Author Upinder Singh notes in “A History of Ancient and Early Medieval India” that animals were given a place of honor on the stones if their lives were lost heroically.
“An inscription from Gollarahatti is in memory of a hunting dog named Punisha who died after killing a wild boar, while another one from Atkur commemorates the death of a dog named Kali who died fighting a wild boar during a hunt. A 12 th century inscription at Tambur mourns the death of the pet parrot of a king of the Kdamba dynasty of Goa.

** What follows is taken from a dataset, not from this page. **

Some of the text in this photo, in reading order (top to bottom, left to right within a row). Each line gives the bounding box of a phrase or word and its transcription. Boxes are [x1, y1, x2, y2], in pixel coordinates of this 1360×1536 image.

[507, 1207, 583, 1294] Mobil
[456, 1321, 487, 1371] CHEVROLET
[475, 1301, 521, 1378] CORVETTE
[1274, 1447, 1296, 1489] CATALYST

The parrot was eaten by a cat in the palace and the inscription tells us that the king was so filled with grief at this event that he killed himself,” writes Singh.

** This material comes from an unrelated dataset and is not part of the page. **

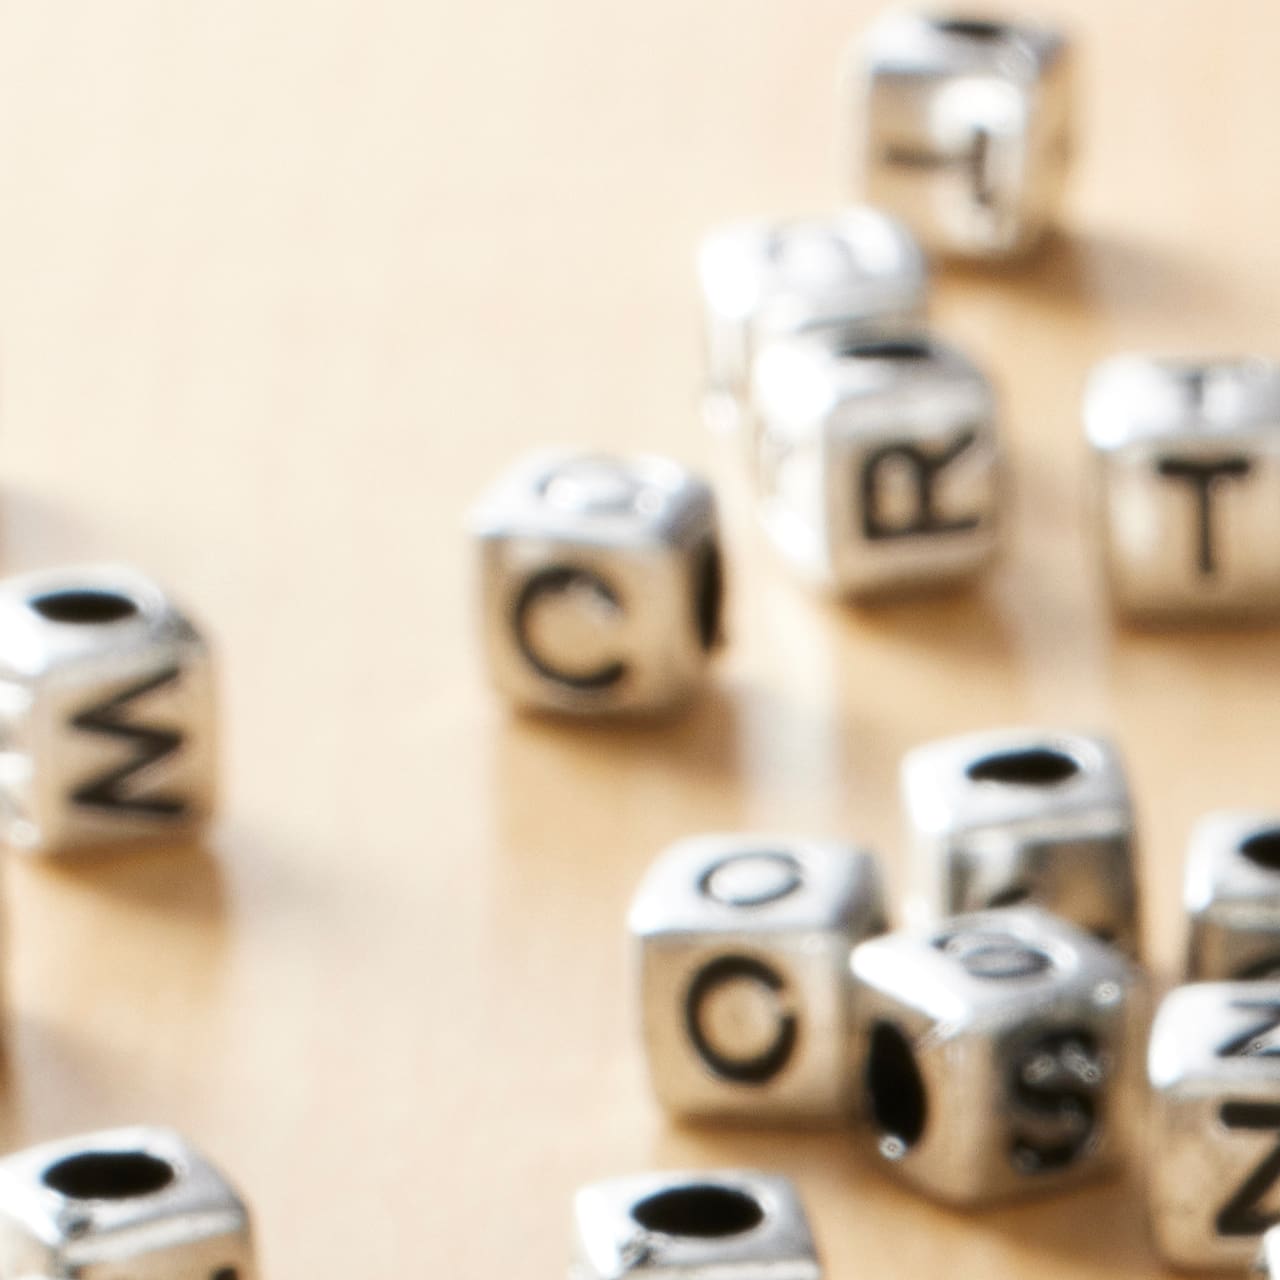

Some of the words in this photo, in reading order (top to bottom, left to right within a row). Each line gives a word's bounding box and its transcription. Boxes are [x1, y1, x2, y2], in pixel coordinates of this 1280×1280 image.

[858, 428, 982, 540] R
[1153, 458, 1252, 576] T
[510, 564, 629, 692] C
[684, 951, 798, 1087] O

The famous Atakur Hero Stone inscription (949 C.E.) featuring an exciting retelling of the “the battle between ‘Kali’ the hound and a wild boar, and the victory of Rashtrakuta Emperor Krishna III over the Chola dynasty of Tanjore”. Wikimedia Commons
K. Reddy concludes that the fact that the local people still worship the stones during festivals is noteworthy.
Apart from their beautiful and illustrative carvings, the Hero Stones of India provide an opportunity to learn about the beliefs, traditions, and culture of the ancient societies.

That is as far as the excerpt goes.